The country’s internal political situation remains exceptionally fragile. The 2018 Revitalized Peace Agreement has all but collapsed. Key provisions, including the unification of forces and judicial reforms, remain unimplemented, and long-delayed elections, initially set for 2024, have been postponed to December 2026. In early 2025, a new political crisis shattered the fragile unity government, with President Salva Kiir’s forces arresting senior opposition officials and his First Vice President Riek Machar. The ensuing military confrontations and deployment of Ugandan troops have brought the country to the brink of a return to full-scale civil war, with conditions described by the UN as “darkly reminiscent” of the conflicts of 2013 and 2016. It is just a matter of time before all systems go loose, with unprecedented carnage, albeit worse than what we show in Khartoum.

This internal political failure has been compounded by a devastating external shock originating from the war in Sudan. South Sudan’s economy depends entirely on oil, which accounts for nearly all its government revenue and hard currency. This oil must be transported to market via a pipeline from Sudan to Port Sudan on the Red Sea. In March 2024, this pipeline was crippled by the conflict in Sudan, effectively turning off the economic lifeline of South Sudan. The result has been a financial meltdown of almost unprecedented speed and severity. The World Bank has already projected that South Sudan’s GDP will shrink by 30% in the fiscal year 2025/2026. With oil revenues evaporating, the government has been unable to pay salaries to civil servants and soldiers, leading to a collapse in public services and an imminent institutional collapse.

The government is bankrupt, resorting to desperate borrowing from nations like the United Arab Emirates after exhausting credit from China. Internal conflicts, such as the recent dispute over local revenue collections between Central Equatoria state and the South Sudan Revenue Authority, compound this financial crisis. If such precedents continue unchecked, they will inevitably trigger the state’s total disintegration.

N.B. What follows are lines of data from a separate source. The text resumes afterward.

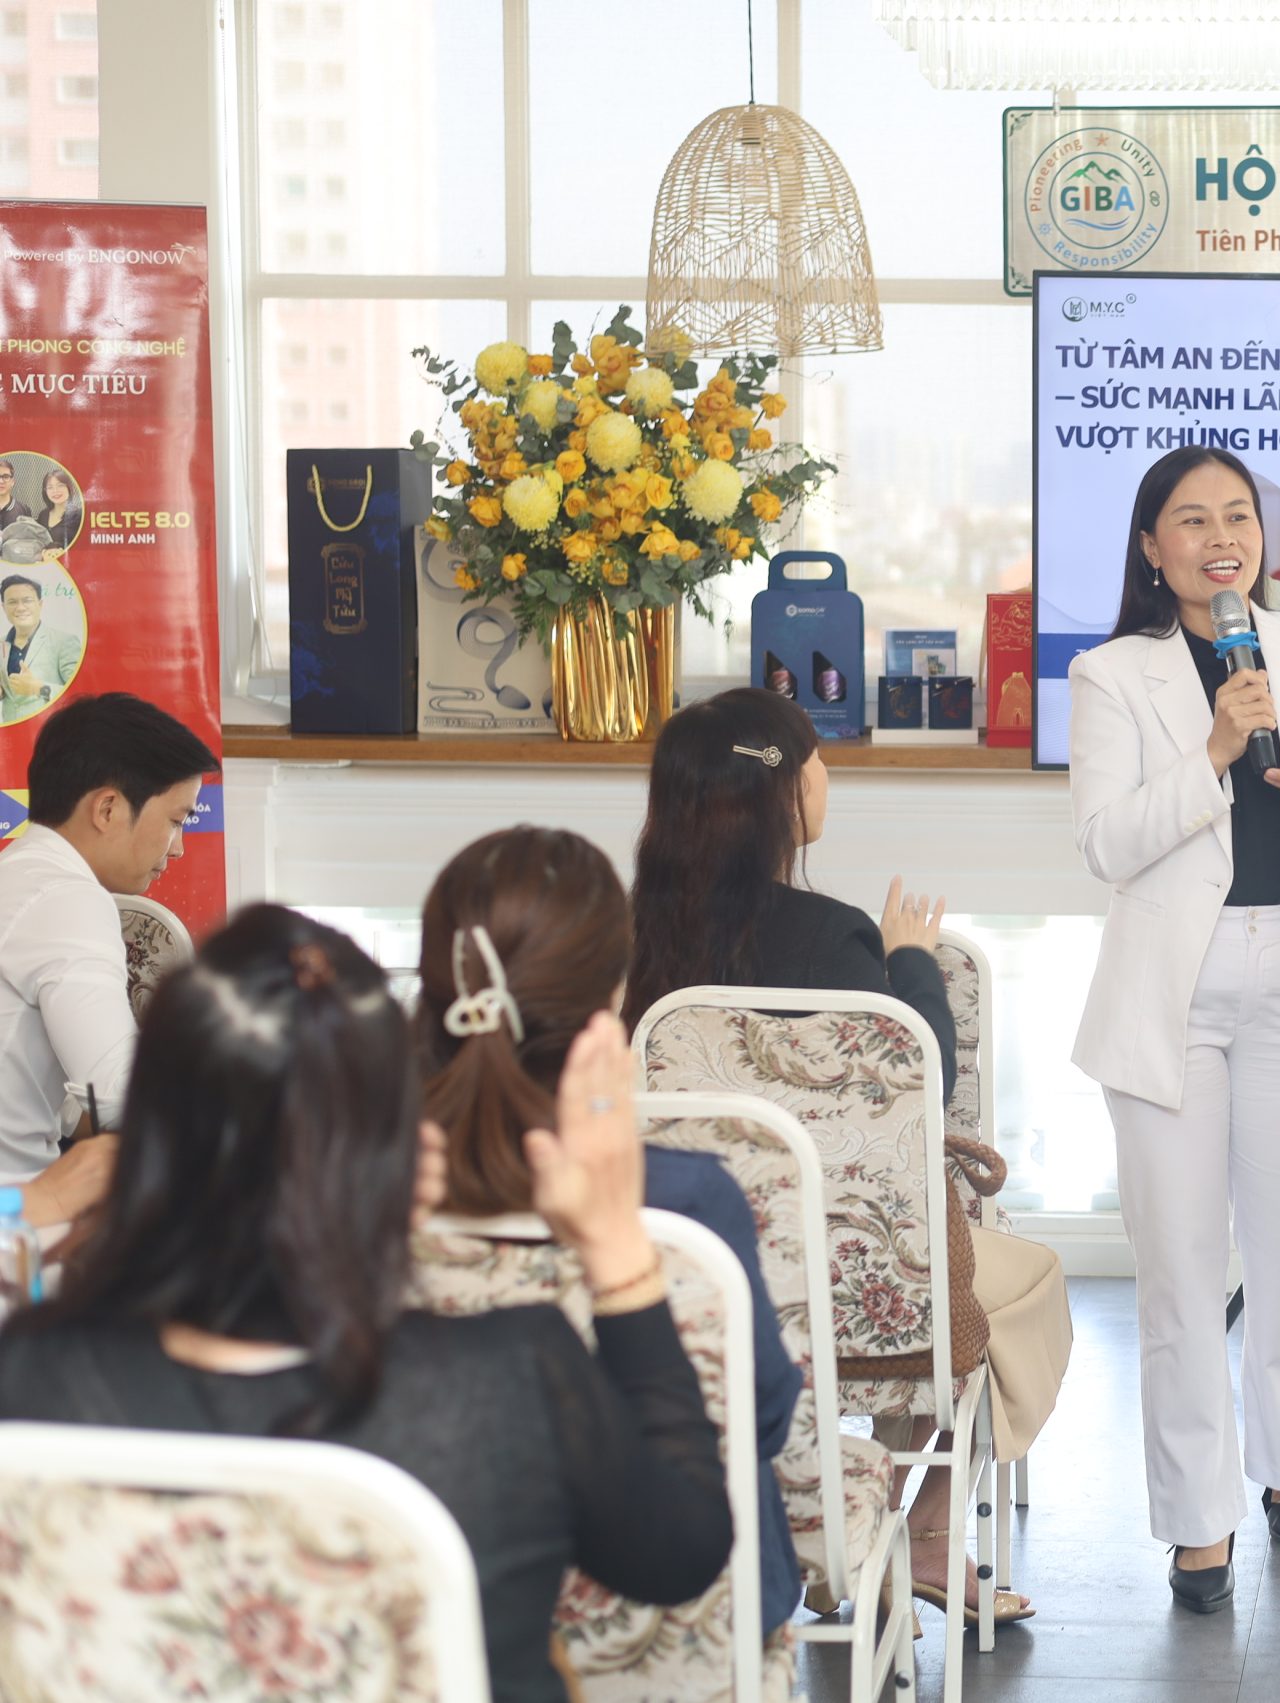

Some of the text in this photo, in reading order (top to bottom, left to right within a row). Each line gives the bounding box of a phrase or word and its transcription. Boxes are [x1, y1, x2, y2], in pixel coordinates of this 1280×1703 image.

[1121, 139, 1156, 178] Unity
[1030, 138, 1084, 213] Pioneering
[1060, 185, 1135, 212] GIBA
[1053, 222, 1158, 267] Responsibility
[1196, 229, 1246, 251] Tiên
[4, 249, 185, 265] Powered by ENGONOW
[7, 339, 73, 354] PHONG
[137, 337, 186, 358] NGHỆ
[1055, 337, 1099, 369] TỪ
[1102, 338, 1165, 369] TÂM
[1171, 346, 1213, 370] AN
[1219, 340, 1280, 371] ĐẾN
[11, 373, 76, 398] MỤC
[83, 369, 147, 395] TIÊU
[1081, 378, 1141, 409] SỨC
[1148, 386, 1235, 416] MẠNH
[1055, 421, 1140, 455] VƯỢT
[1146, 419, 1250, 451] KHỦNG
[90, 511, 191, 529] IELTS 8.0
[90, 533, 156, 544] MINH ANH
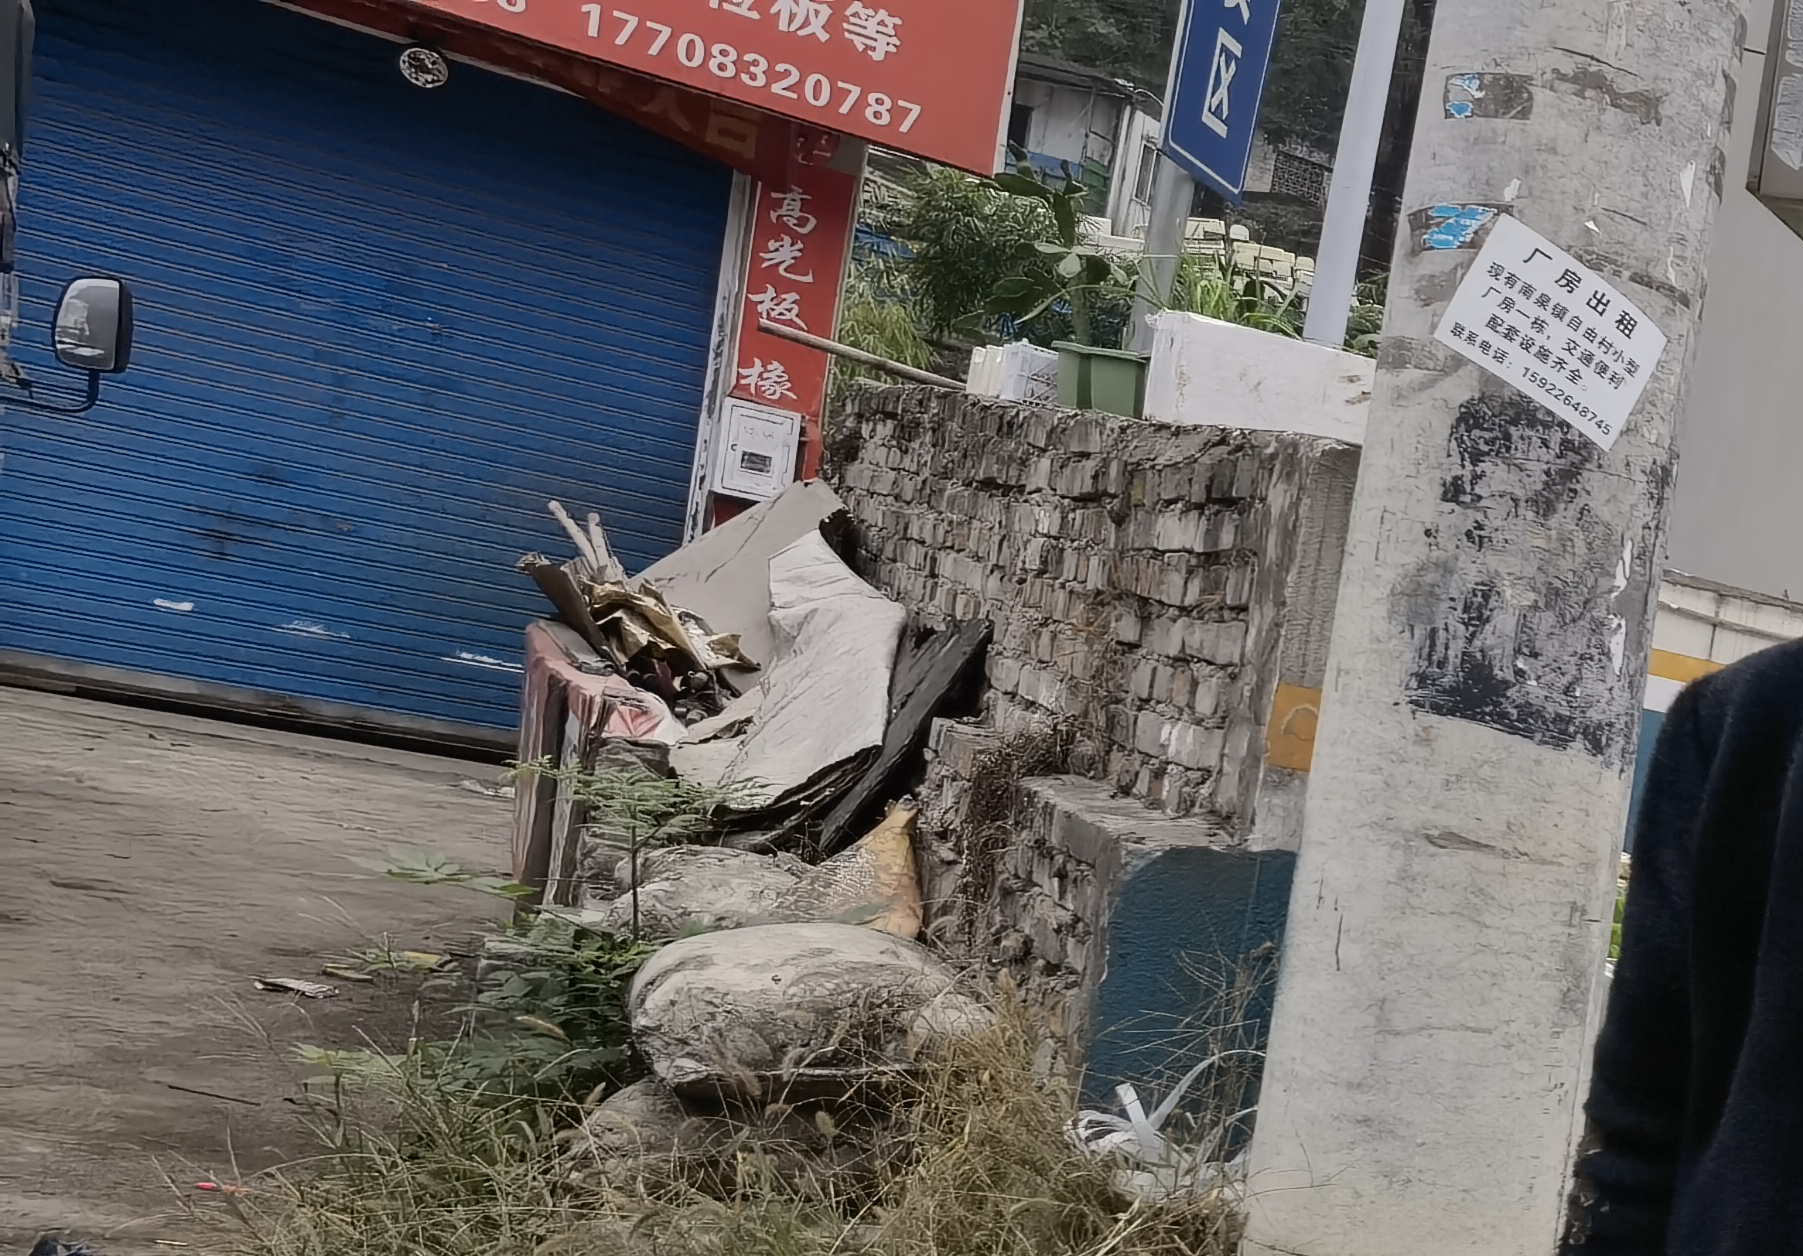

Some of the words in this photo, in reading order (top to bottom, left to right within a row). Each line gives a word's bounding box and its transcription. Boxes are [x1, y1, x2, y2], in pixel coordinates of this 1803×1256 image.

[580, 3, 921, 134] 17708320787
[747, 185, 818, 331] 高光板
[1486, 261, 1641, 378] 现有南泉镇自由村小型
[1522, 247, 1639, 340] 厂房出租

On the other hand, the South Sudanese Pound has gone into freefall, and hyperinflation has surged, with consumer prices projected to rise by 65.7% in 2025/2026. This economic collapse has created a humanitarian disaster. The World Bank projects that the country will experience universal poverty in 2025/2026, with 92% of the population living below the poverty line. Nearly 80% of the population faces severe food insecurity, the worst hunger crisis the country has ever known, a situation exacerbated by extreme flooding and the influx of over 1.1 million desperate refugees and returnees fleeing the war in Sudan.

In South Sudan, the pipeline disruption acted as an economic kill switch, demonstrating that South Sudan’s sovereignty is conditional on the stability of its northern neighbor.

Finally, the economies of Sudan and South Sudan are not distinct but are deeply intertwined and dysfunctional components of a unified resource production and transport system. The current governance structures in both nations have not only failed but have actively caused immense human suffering and regional instability. The crises stemming from the CPA-brokered independence are not temporary emergencies but the culmination of over half a century of systemic dysfunction. Treating these as separate political issues is a grave strategic error.

A lasting resolution to South Sudan’s economic and humanitarian crisis necessitates securing the entire oil infrastructure, which, in turn, requires stability within Sudan itself. The destinies of these two nations are now tragically and inextricably linked. This fundamental connection provides a

pragmatic argument for a new paradigm shift: the two-state experiment has failed. Both Sudanese states have forfeited their sovereignty by using their weaponry against their populace, thereby undermining their very existence. This is evidenced in Khartoum, Darfur, Nasir, Ulang, Malakal, Mayom, and Juba. This situation justifies an external executive intervention under the international community’s “Responsibility to Protect” (R2P).